Lavoratori in mobilità
Appare utile richiamare le misure che, al fine di agevolare il reimpiego dei lavoratori che hanno perso il lavoro, sono state introdotte dall'art. 8, commi 2 e 4, e dall'art. 25 della legge n. 223/1991 a favore dei datori di lavoro di qualunque settore che assumano lavoratori iscritti nelle liste di mobilità. I benefici spettano a condizione che il datore di lavoro non abbia effettuato riduzioni di personale nei dodici mesi precedenti, a meno che l'assunzione riguardi professionalità sostanzialmente diverse da quelle del personale licenziato. Le assunzioni possono essere effettuate con contratto a termine, anche a tempo parziale, per un massimo di 12 mesi, con possibilità di trasformazione a tempo indeterminato nel corso del rapporto, oppure a tempo indeterminato fin dall'inizio. In caso di assunzione a termine, per un massimo di dodici mesi, la quota di contribuzione a carico del datore di lavoro è pari a quella prevista per gli apprendisti, mentre la contribuzione a carico del lavoratore è nella misura prevista per la generalità dei lavoratori. In caso di trasformazione del contratto a termine in contratto a tempo indeterminato il datore di lavoro ha diritto ad ulteriori dodici mesi di agevolazione contributiva. Qualora il lavoratore assunto sia beneficiario dell'indennità di mobilità e l'assunzione avvenga a tempo pieno, al datore di lavoro viene riconosciuto un contributo mensile pari al 50 per cento dell'indennità di mobilità che sarebbe stata corrisposta al lavoratore. Tale contributo viene erogato per un massimo di:
• 12 mesi per i lavoratori con età fino a 50 anni;
• 24 mesi per lavoratori con età superiore a 50 anni;
• 36 mesi per le aree del Mezzogiorno o nell'ambito delle circoscrizioni in cui sussista un rapporto superiore alla media nazionale tra iscritti alla prima classe della lista di collocamento e popolazione residente in età da lavoro.

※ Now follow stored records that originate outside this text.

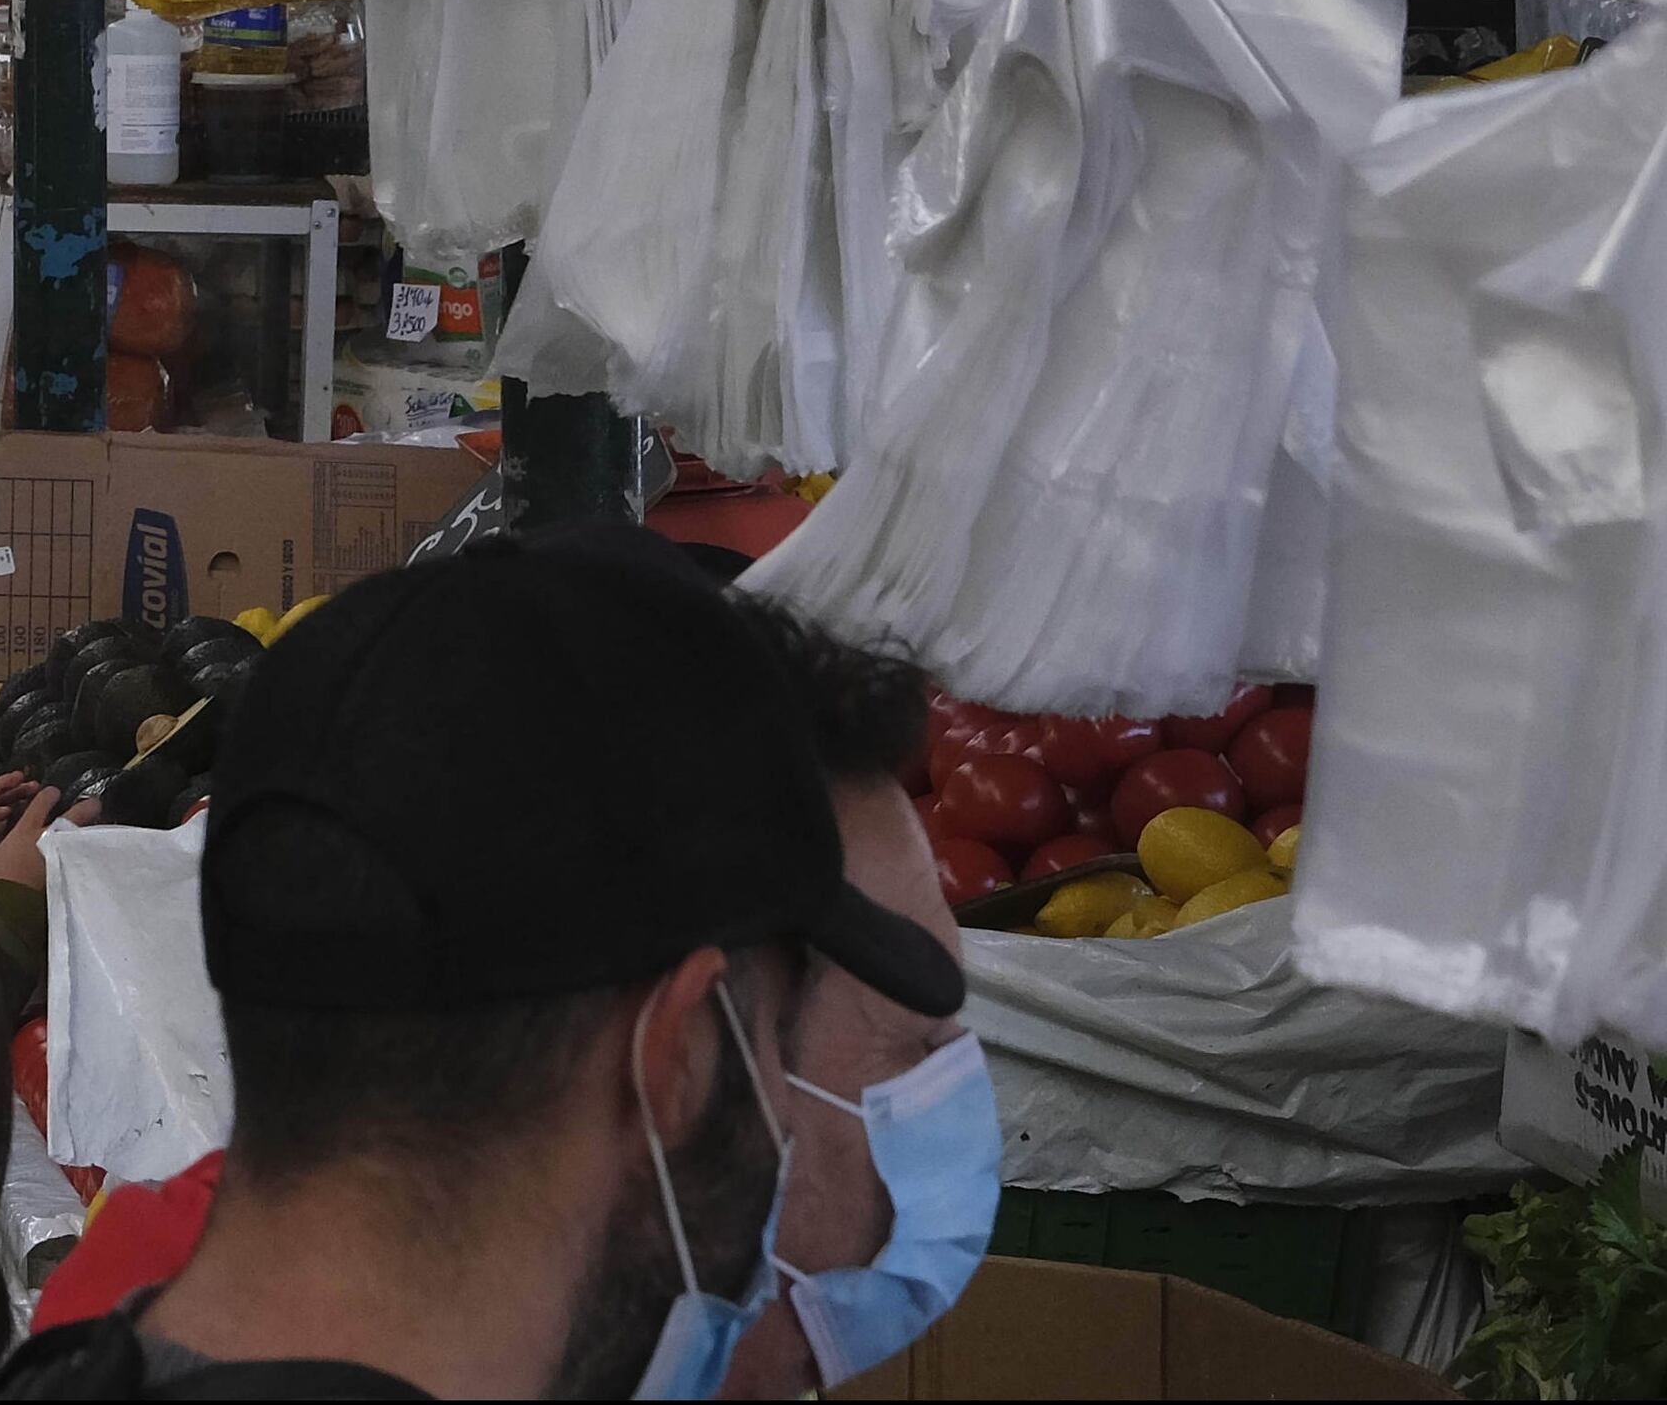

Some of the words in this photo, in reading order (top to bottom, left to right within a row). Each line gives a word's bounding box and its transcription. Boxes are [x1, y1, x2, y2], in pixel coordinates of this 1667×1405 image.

[441, 301, 474, 320] ngo
[14, 625, 26, 656] 100
[33, 626, 46, 656] 180
[1574, 1071, 1667, 1156] RTONES
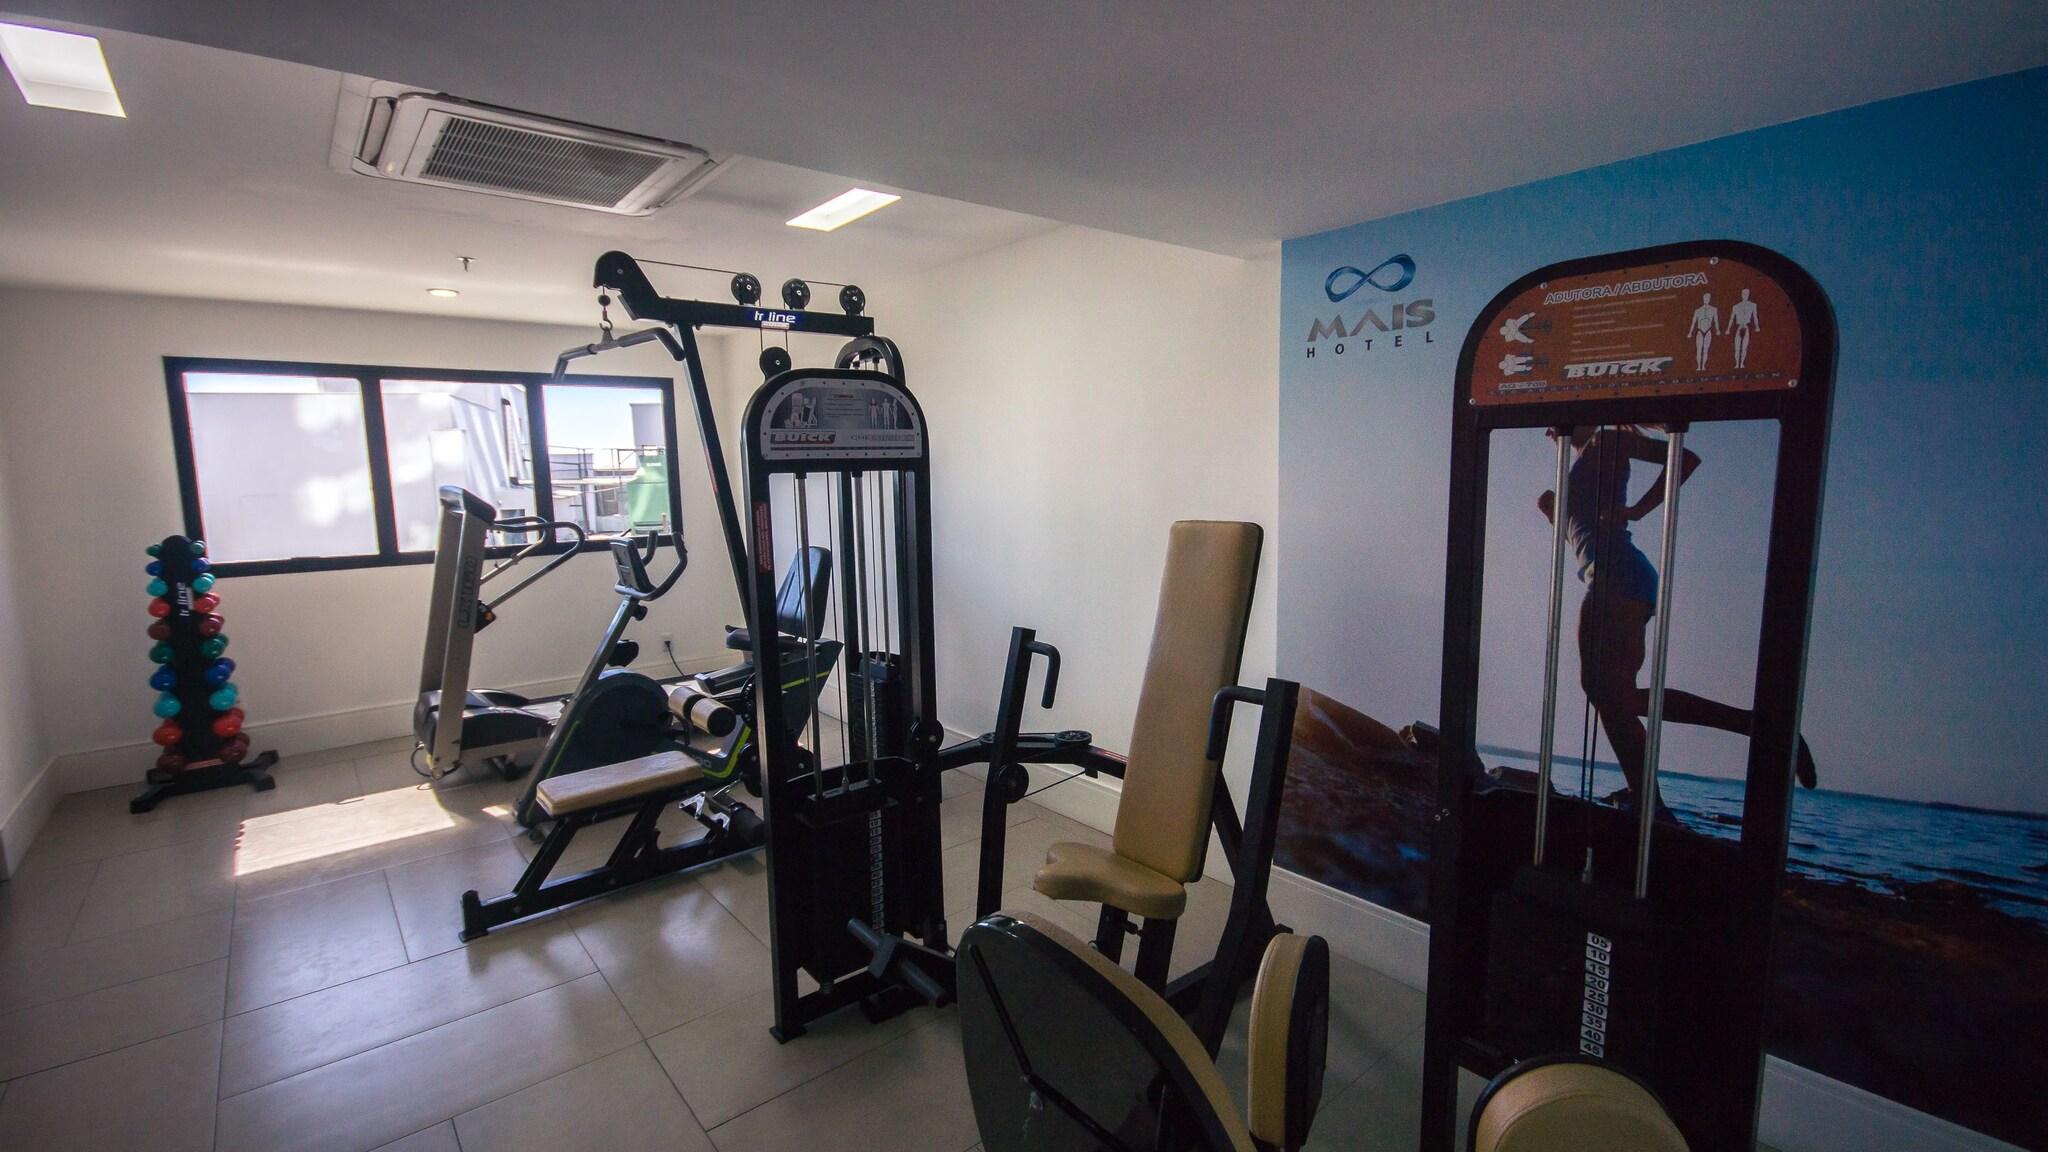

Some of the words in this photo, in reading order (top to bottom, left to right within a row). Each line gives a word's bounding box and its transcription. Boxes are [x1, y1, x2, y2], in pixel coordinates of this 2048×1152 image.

[769, 311, 796, 324] line
[1307, 298, 1436, 342] MAIS
[1306, 331, 1434, 358] HOTEL
[1591, 935, 1608, 949] 05
[1590, 949, 1606, 962] 10
[1589, 962, 1606, 975] 15
[1588, 976, 1605, 989] 20
[1588, 989, 1605, 1002] 25
[1587, 1002, 1603, 1016] 30
[1586, 1015, 1602, 1028] 35
[1585, 1029, 1601, 1042] 40
[1584, 1042, 1600, 1056] 45
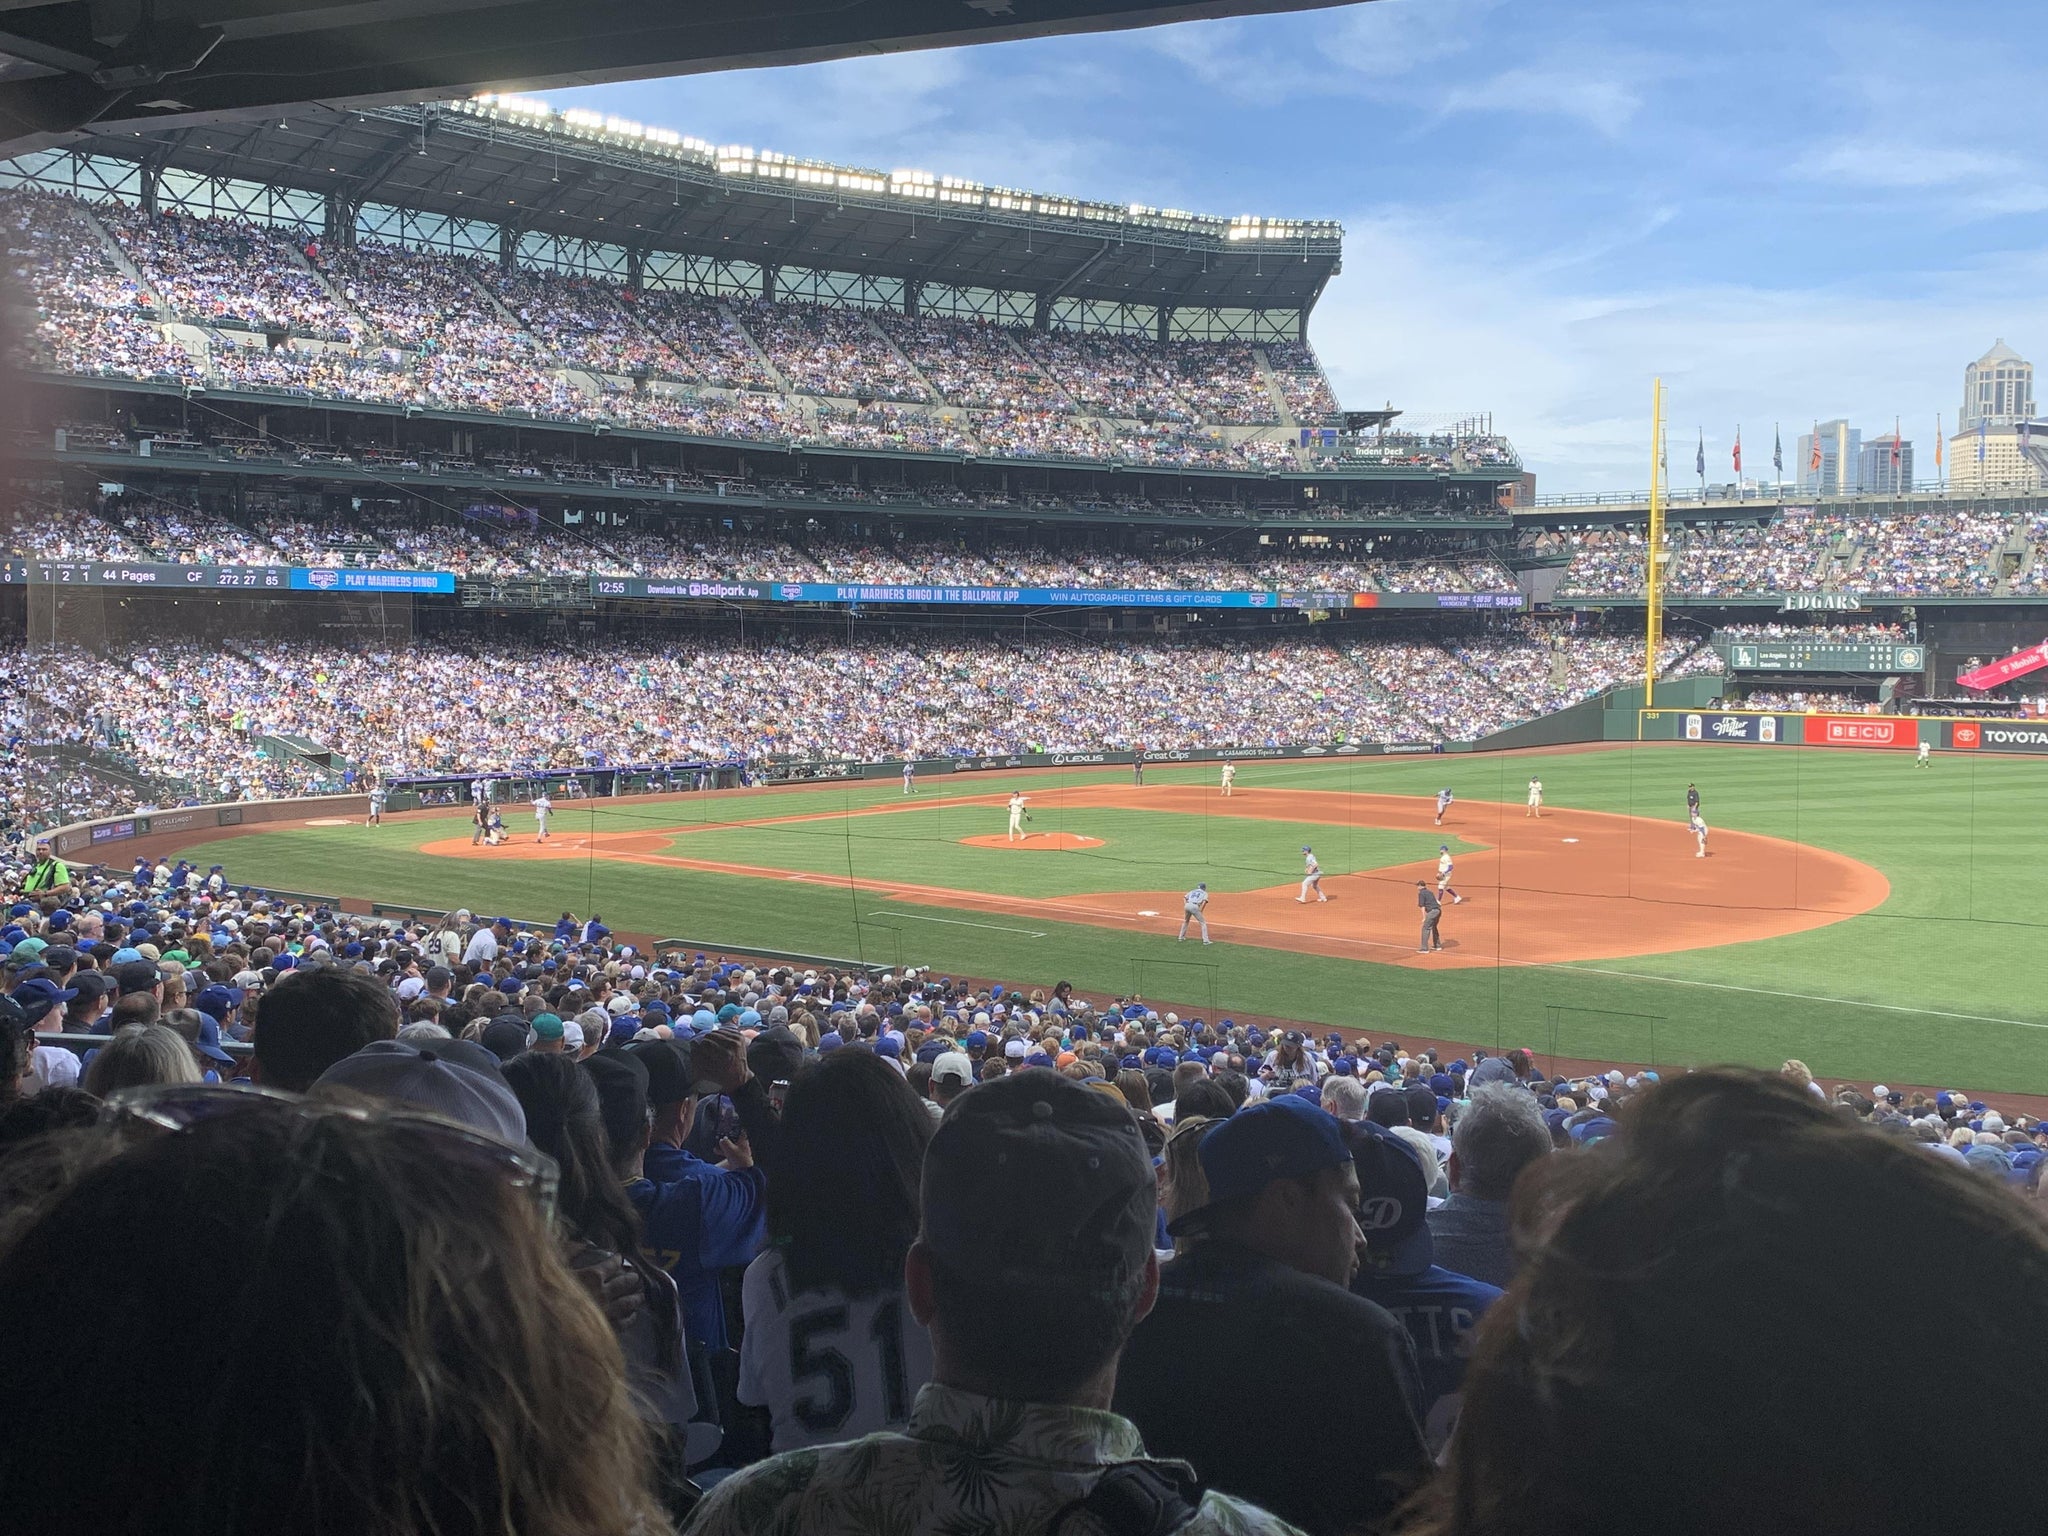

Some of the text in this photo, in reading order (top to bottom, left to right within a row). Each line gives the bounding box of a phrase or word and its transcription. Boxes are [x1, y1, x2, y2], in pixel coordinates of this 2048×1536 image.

Qualora l'assunzione avvenga direttamente a tempo indeterminato, per i primi 18 mesi la quota di contribuzione a carico del datore di lavoro è pari a quella prevista per gli apprendisti. Inoltre, se il lavoratore percepisce l'indennità di mobilità (e l'assunzione è a tempo pieno), al datore di lavoro viene concesso per ogni mensilità di retribuzione corrisposta al lavoratore un contributo mensile pari al 50% dell'indennità di mobilità che sarebbe stata corrisposta al lavoratore per la durata di cui sopra. L'articolo 2, comma 1 della legge 19 luglio 1994, n. 451, stabilisce che il diritto ai benefici economici non spetta con riferimento ai lavoratori che siano stati collocati in mobilità, nei sei mesi precedenti, da parte di imprese dello stesso o di diverso settore di attività che, al momento del licenziamento, presentino assetti proprietari sostanzialmente coincidenti con quelli dell'impresa che assume ovvero risultino con quest'ultima in rapporto di collegamento o controllo.